Instructions to follow ::
Lines before the one containing "Some of the words" are excluded; reproduce that line and all lines after it in the entries below, exactly.
-=-=-=-=-
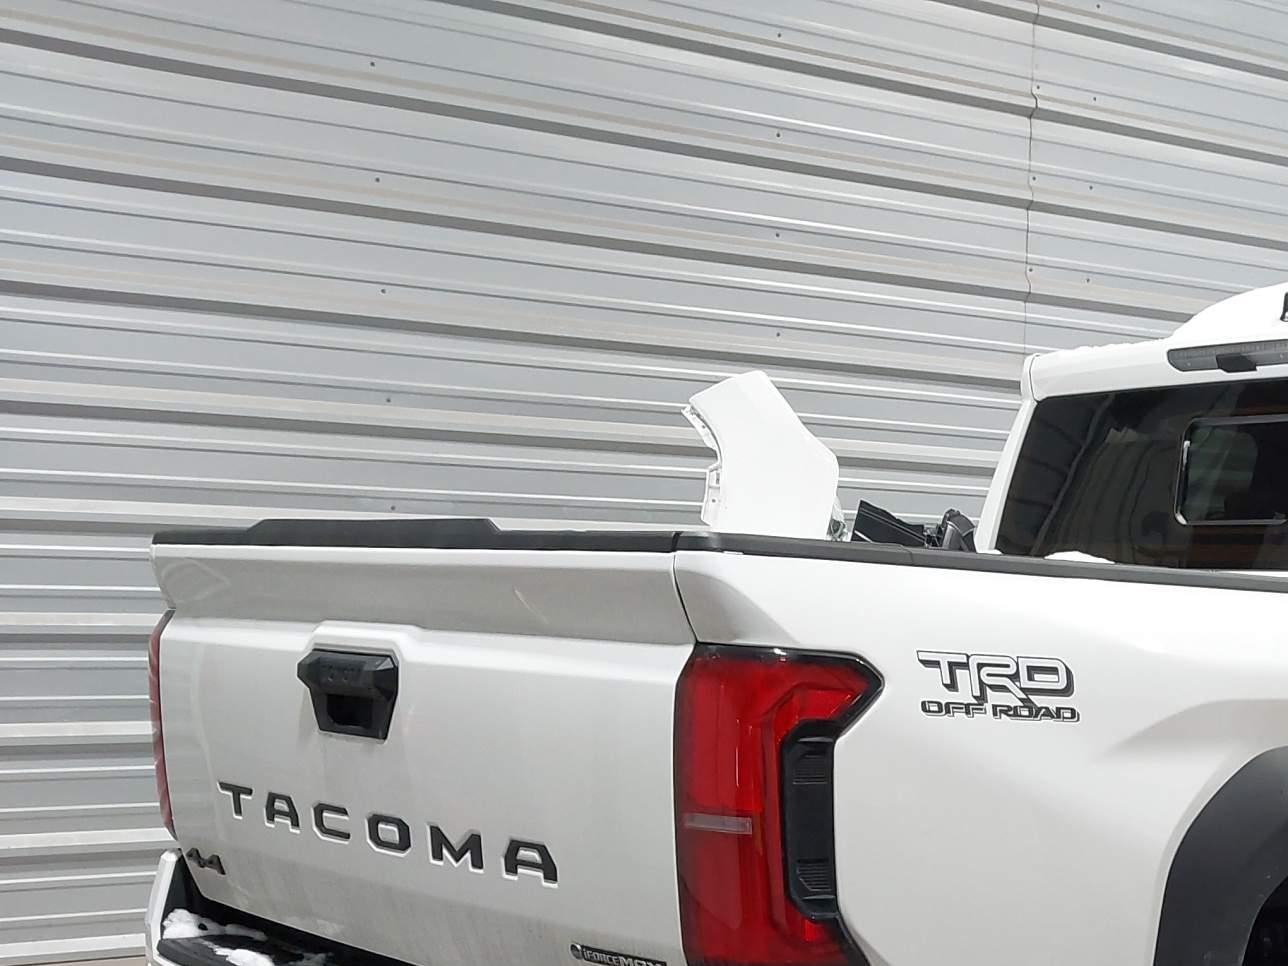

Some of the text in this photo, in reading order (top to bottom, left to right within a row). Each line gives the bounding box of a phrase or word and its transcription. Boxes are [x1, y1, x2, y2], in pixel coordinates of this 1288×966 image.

[916, 650, 1074, 704] TRD
[921, 701, 1080, 722] OFF ROAD
[217, 781, 560, 888] TACOMA
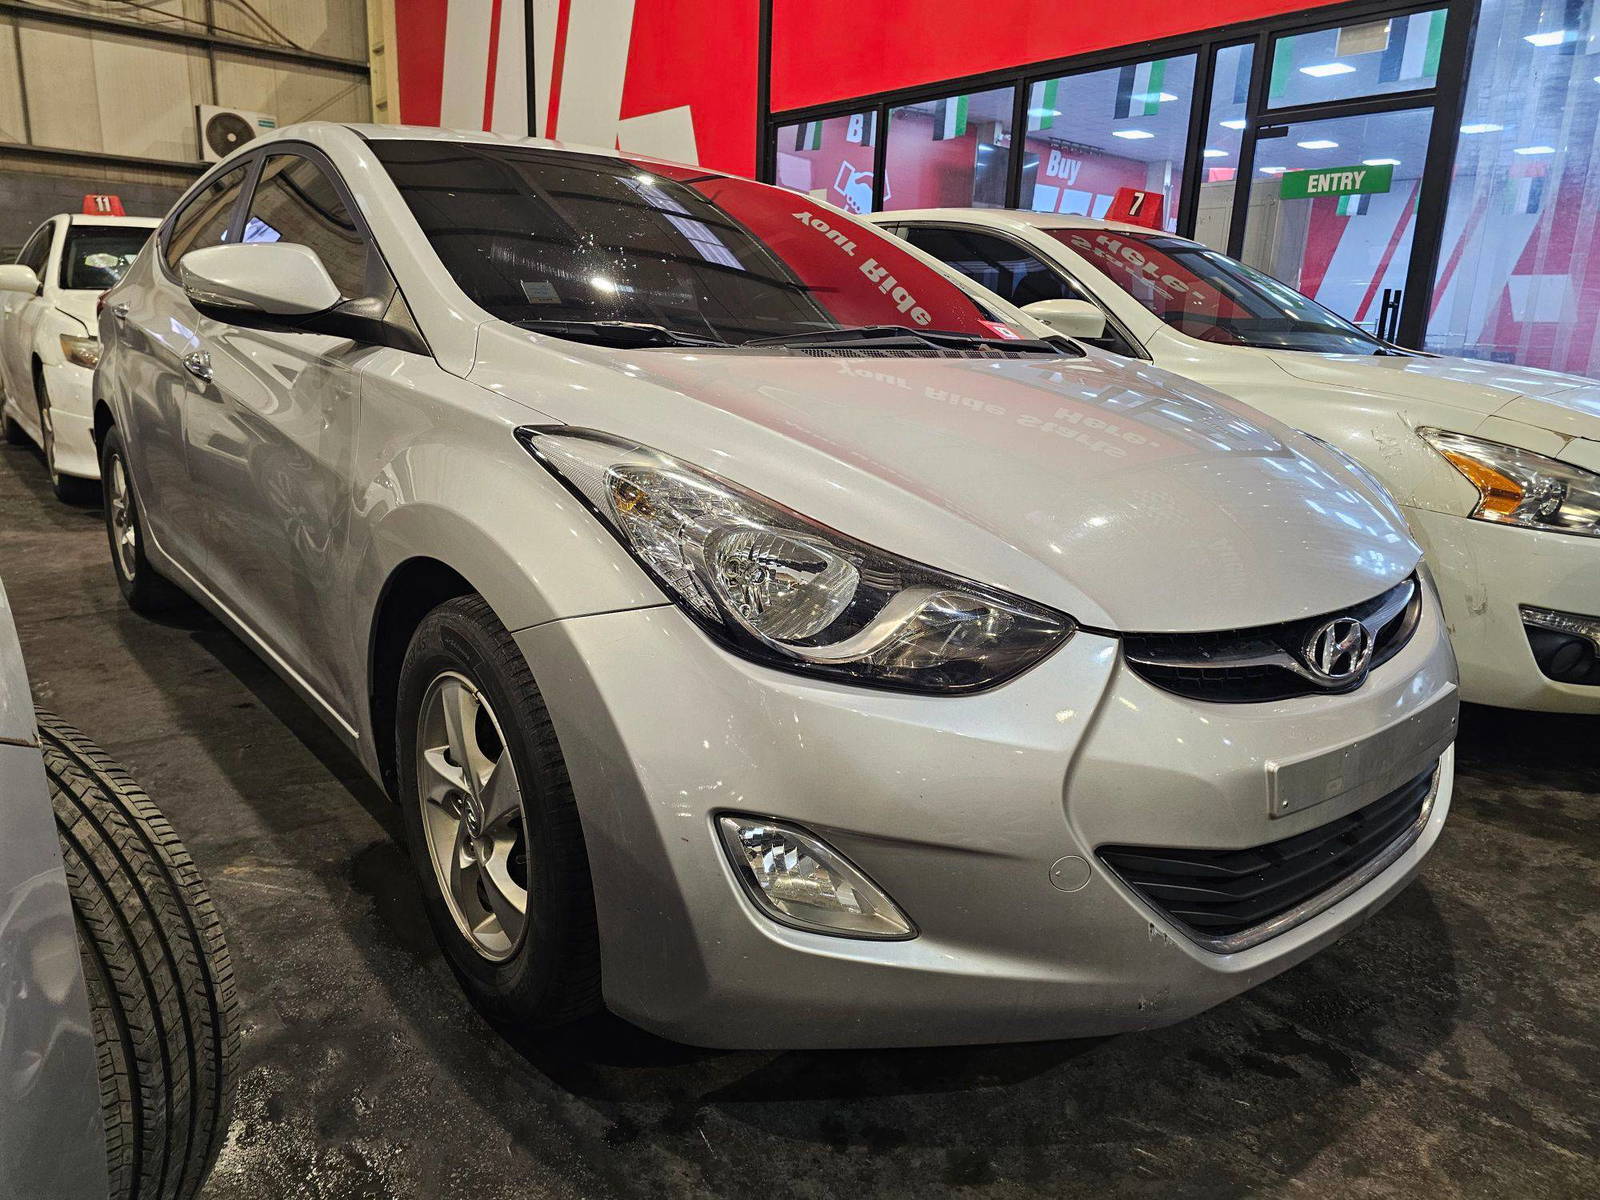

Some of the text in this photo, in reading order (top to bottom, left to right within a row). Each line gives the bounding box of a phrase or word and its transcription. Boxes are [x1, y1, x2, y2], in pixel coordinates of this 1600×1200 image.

[1046, 149, 1081, 185] Buy
[1307, 170, 1366, 193] ENTRY
[95, 195, 112, 212] 11
[1129, 192, 1145, 216] 7
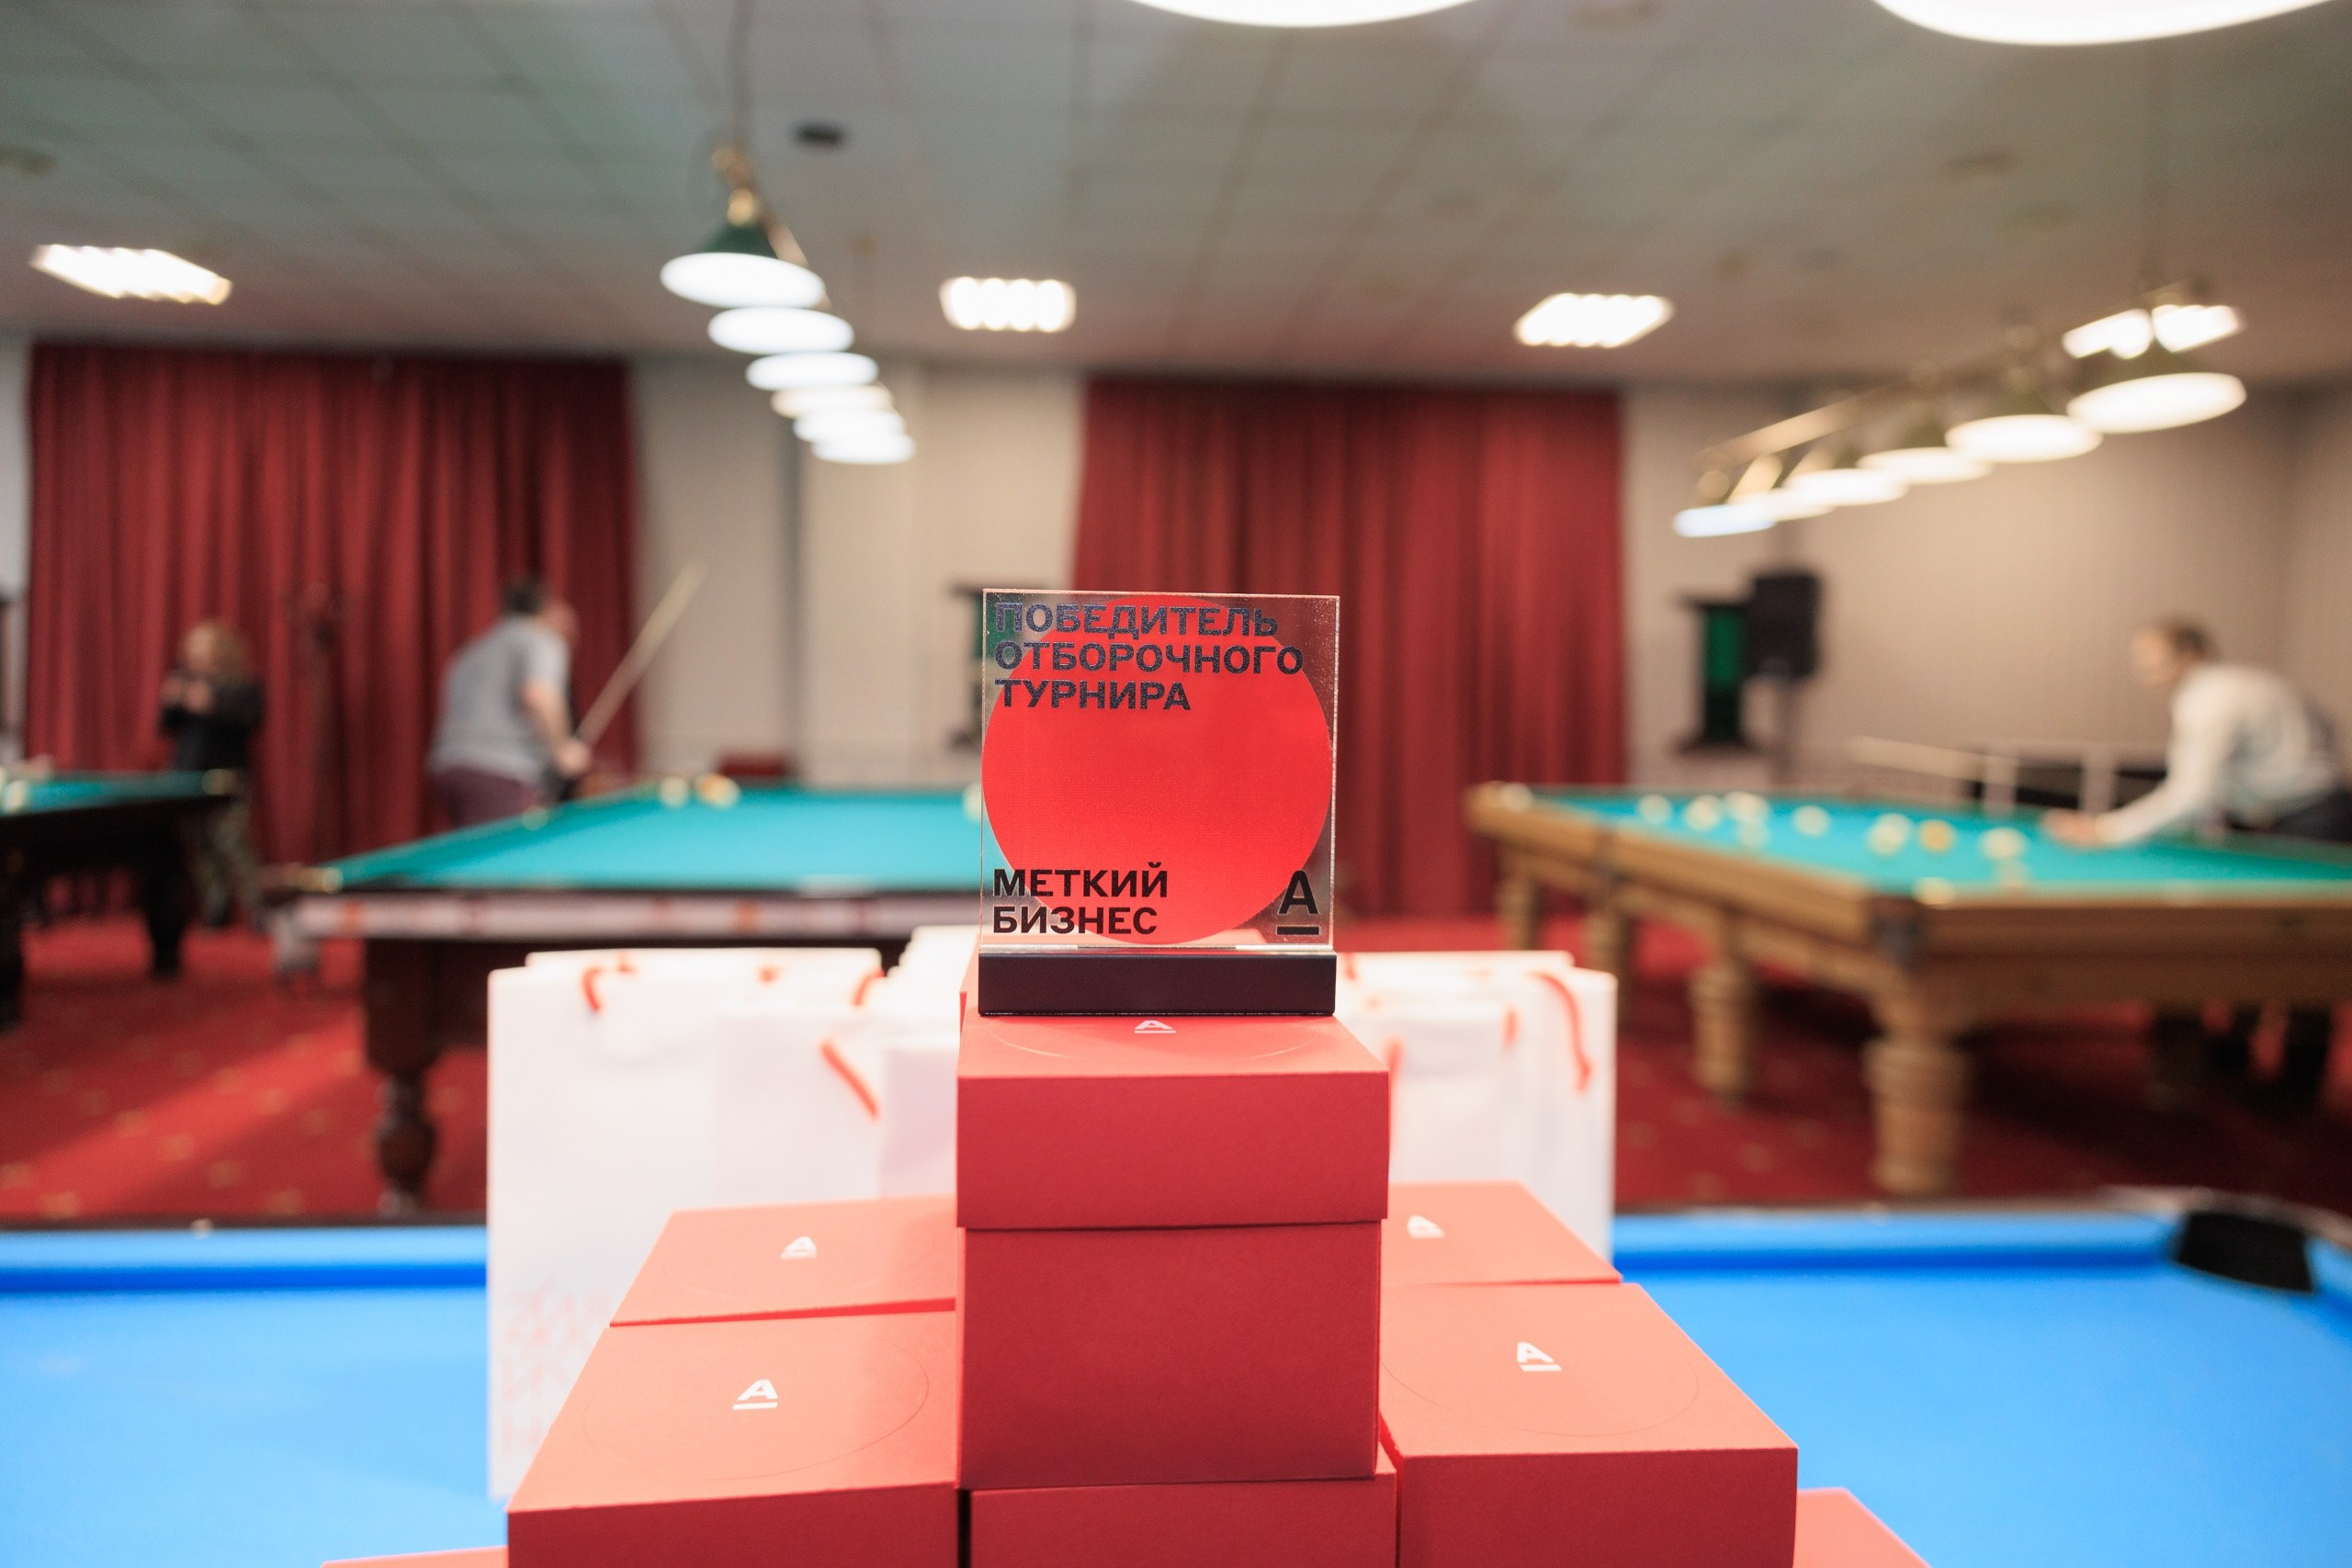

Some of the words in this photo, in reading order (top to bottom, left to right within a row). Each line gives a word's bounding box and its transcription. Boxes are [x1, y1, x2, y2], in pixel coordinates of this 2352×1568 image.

[994, 602, 1278, 640] ПОБЕДИТЕЛЬ
[994, 641, 1304, 675] ОТБОРОЧНОГО
[994, 679, 1192, 711] ТУРНИРА
[993, 861, 1168, 897] МЕТКИЙ
[993, 906, 1158, 935] БИЗНЕС
-=-=-=-=-
Expected output ::
Some of the words in this photo, in reading order (top to bottom, left to right within a row). Each line gives a word's bounding box and its transcription. Boxes are [x1, y1, x2, y2], in pixel coordinates of this 2352×1568 image.

[994, 602, 1278, 640] ПОБЕДИТЕЛЬ
[994, 641, 1304, 675] ОТБОРОЧНОГО
[994, 679, 1192, 711] ТУРНИРА
[993, 861, 1168, 897] МЕТКИЙ
[993, 906, 1158, 935] БИЗНЕС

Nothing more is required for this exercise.